Героиня Анны Мигицко одновременно похожа на Бритни Спирс и дочку городничего из «Ревизора». Розовое платье, жвачка, светлые волосы, броский макияж и, наверное, горсть бижутерии. Несгибаемое упрямство во взгляде и что-то необъяснимо детское в лице. Мрачный подросток, которого насильно одели в светленькое; милая девочка, которая вообще-то и не милая, и вполне себе совершеннолетняя. Но мама (Аделина Любская) решила выдать ее за майора Ковалева — и все, остается только смириться, потому что глубина абьюза в семействе Подточиных, видимо, не поддается терапии.
Хмурая, обиженная на весь мир, героиня входит в бар, сдвинув плечи и громко топая. Падает на стул, просит воду. Поворачивается, встречается взглядом с барменом (Данила Лобов) — в таком образе в спектакле предстает только вскользь упомянутый в повести Филипп Потанчиков. Включается красный свет — ну и все. Как в кино. И назад уже не отмотаешь, и тут же где-то в тишине негромко начинает играть «Creep» — самая известная песня Radiohead, пронзительная история о неустроенности, тоске и невыносимой любви.

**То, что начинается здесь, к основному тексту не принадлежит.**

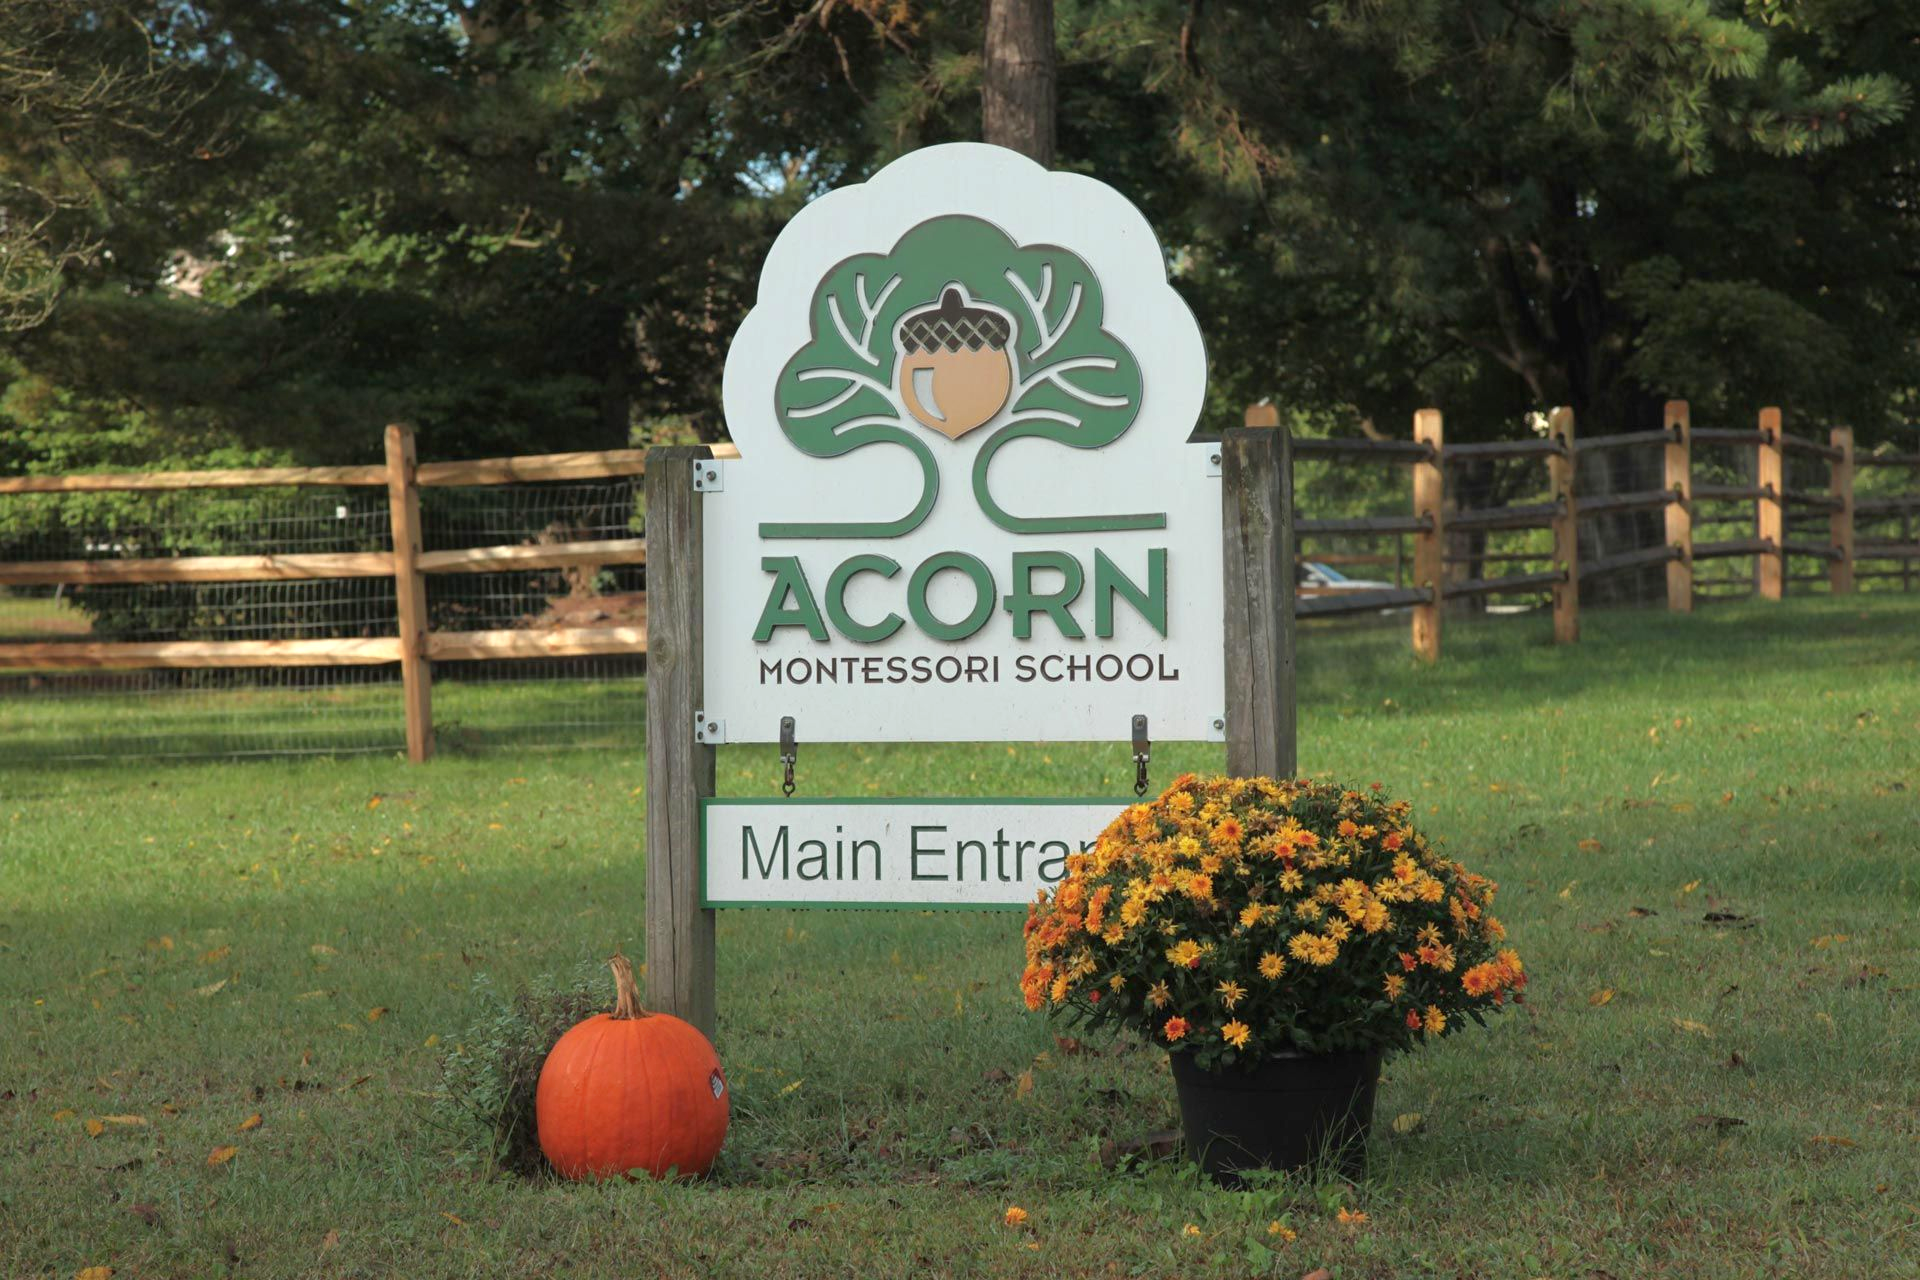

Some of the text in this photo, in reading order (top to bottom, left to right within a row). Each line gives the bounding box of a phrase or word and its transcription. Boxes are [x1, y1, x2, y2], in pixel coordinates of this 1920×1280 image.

[752, 547, 1168, 643] ACORN
[760, 653, 1180, 685] MONTESSORI SCHOOL
[741, 825, 882, 882] Main

Звучащее все громче «I wish I were special, you’re so fucking special» выводит ситуацию из плоскости комического. Где-то далеко и глубоко, на обочине мира, который крутится вокруг чиновника, потерявшего нос, встречаются две любящие души — и из этого, конечно, ничего не выйдет.
Невеста майора Ковалева вдруг словно выходит из вынужденного анабиоза — расправляются плечи, зажигается живой и теплый огонек в глазах. Совершенно непонятно, почему поэт с романтическими кудрями полюбил именно ее, а она — именно его. Да и неважно. Два героя третьего плана, две эпизодические роли в страстях большого мира, они встречаются, чтобы вместе посмеяться, вместе помолчать и потанцевать под Radiohead. Вот только когда Потанчиков с пеной у рта кричит «ведь я люблю вас, Пелагея Александровна!», та осаждает его резонным вопросом: «Какая я вам Пелагея Александровна?» Потанчикову автор посвятил всего полторы строчки, а Подточиной не дал даже имени. И смешно, и трагично. «But I’m a creep, I’m a weirdo».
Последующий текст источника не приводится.